• **Work task**:
Retype the listing exactly, minus its pictures.

• **Given data**:

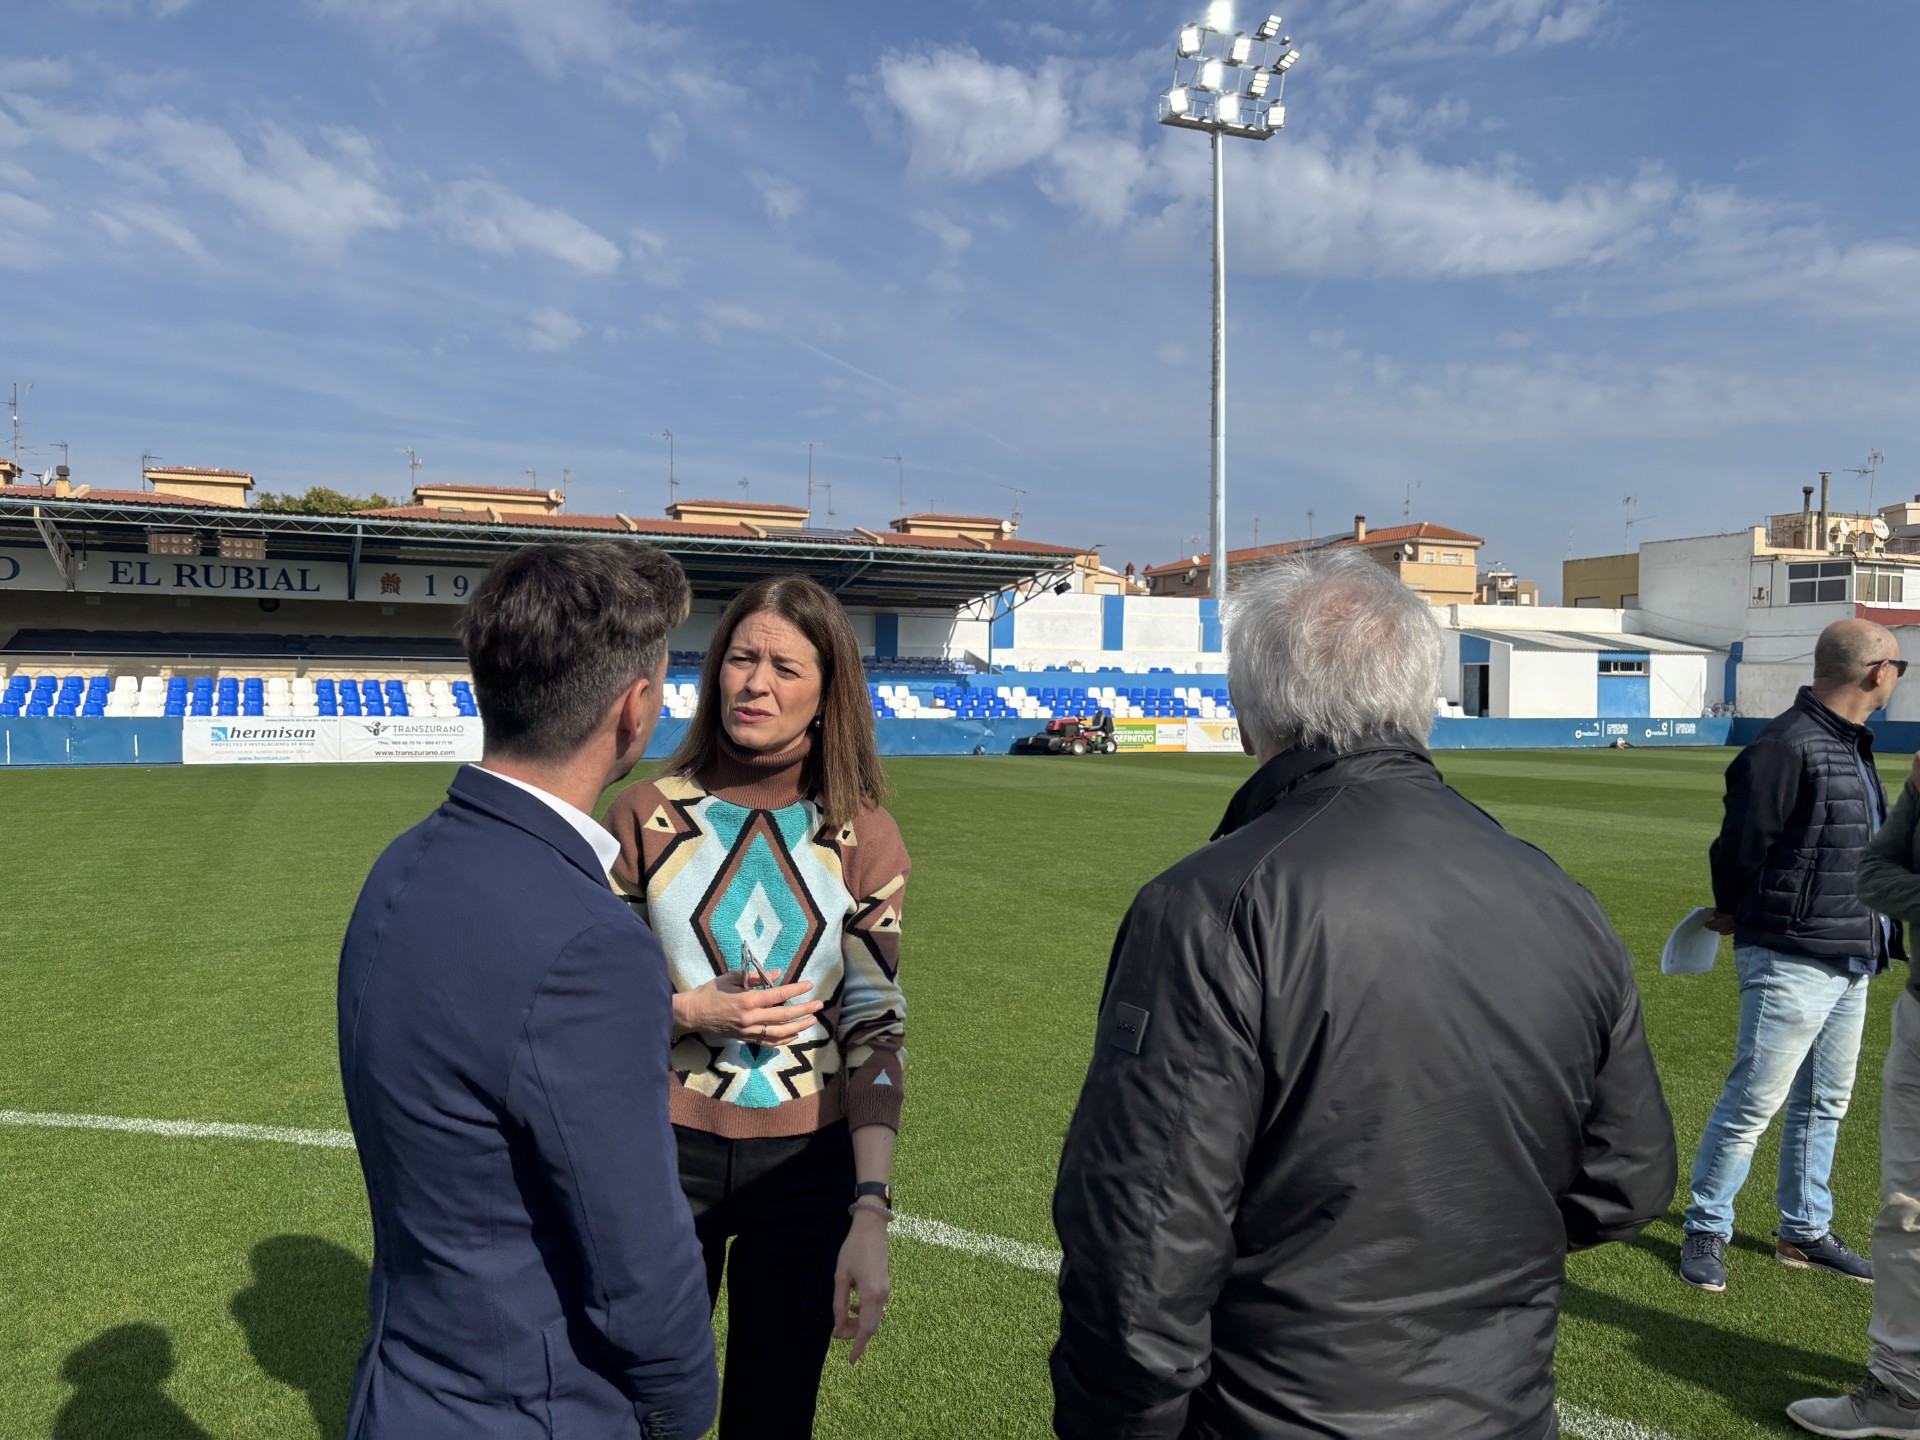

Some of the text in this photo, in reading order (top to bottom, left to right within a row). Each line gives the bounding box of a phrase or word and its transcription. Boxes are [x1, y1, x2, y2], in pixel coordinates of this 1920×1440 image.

[108, 560, 321, 592] EL RUBIAL
[230, 727, 316, 738] hermisan
[1113, 735, 1154, 743] DEFINITIVO
[1221, 726, 1239, 741] CR
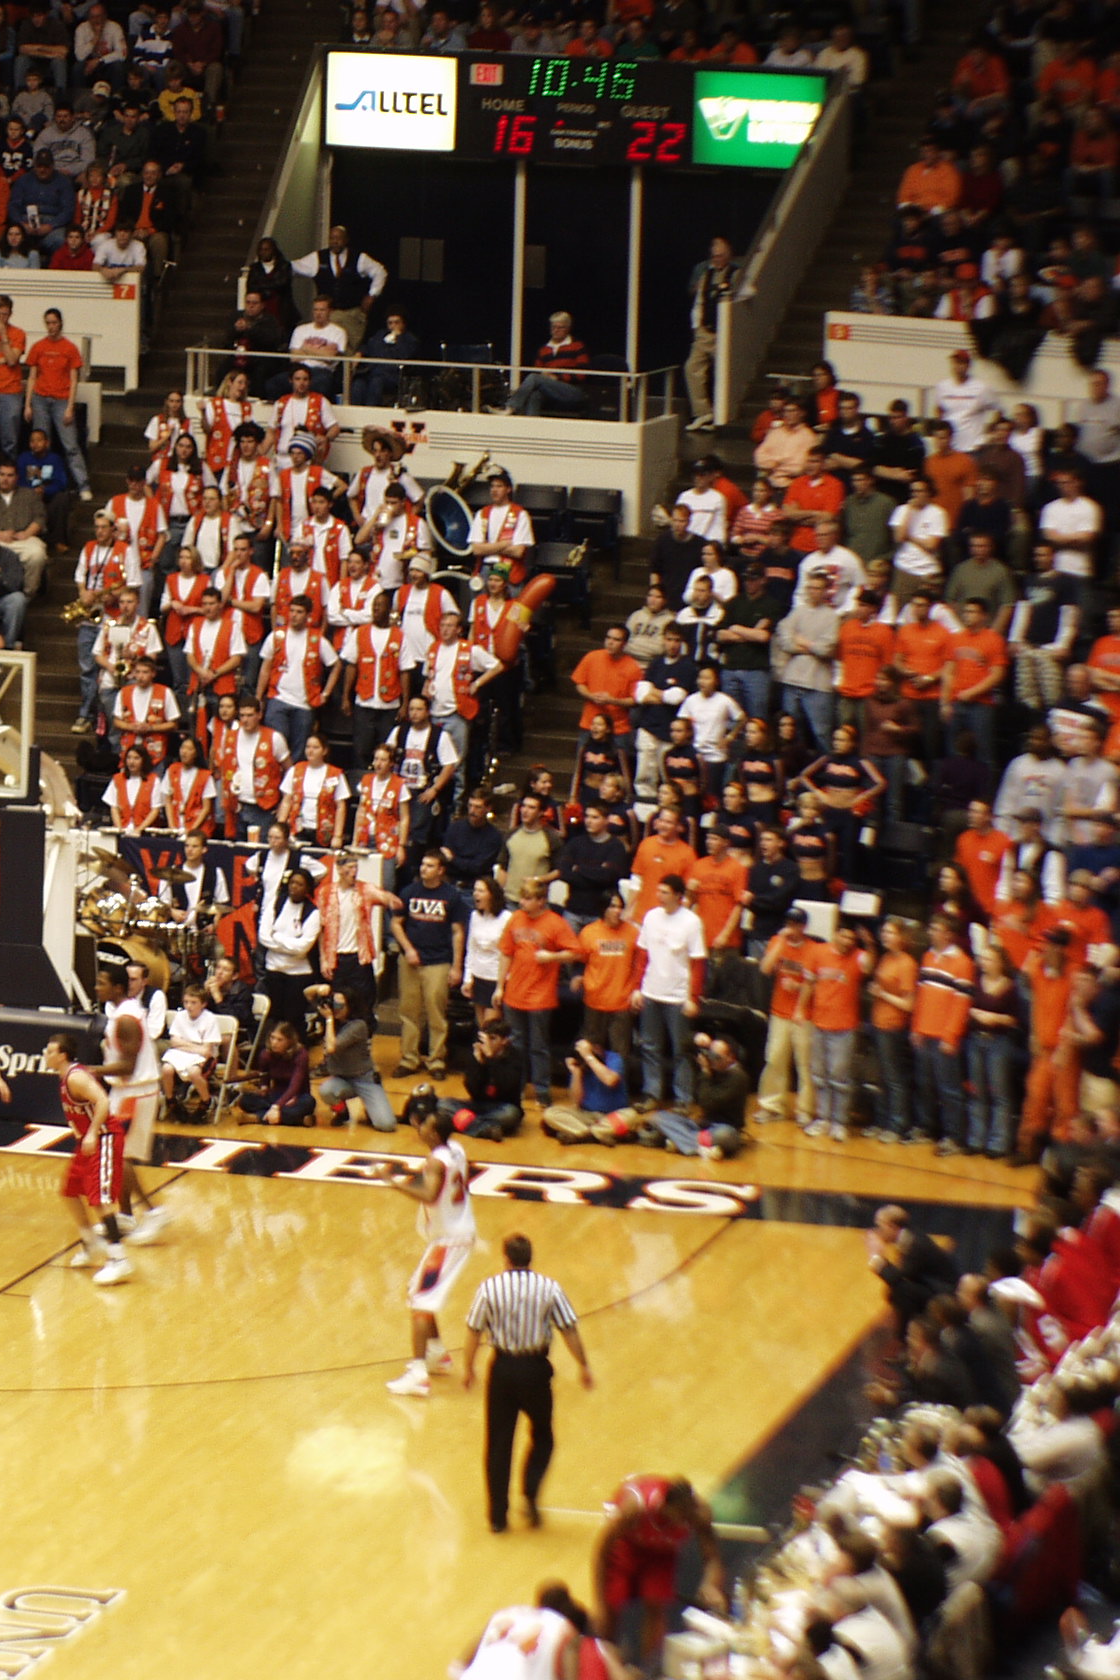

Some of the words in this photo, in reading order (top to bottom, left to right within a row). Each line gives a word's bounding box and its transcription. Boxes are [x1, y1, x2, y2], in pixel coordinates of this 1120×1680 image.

• **Expected answer**:
Some of the text in this photo, in reading order (top to bottom, left to right within a row). Each line gives the bounding box of a phrase or word and its transcription. Boxes are [x1, y1, x2, y2], in pixel coordinates of this 1920×1440 image.

[108, 560, 321, 592] EL RUBIAL
[230, 727, 316, 738] hermisan
[1113, 735, 1154, 743] DEFINITIVO
[1221, 726, 1239, 741] CR

Some of the words in this photo, in reading order (top to bottom, left to right within a row). Each line gives a word's bounding box and its transcription. Boxes are [x1, y1, x2, y2], in pixel coordinates of this 1120×1680 image.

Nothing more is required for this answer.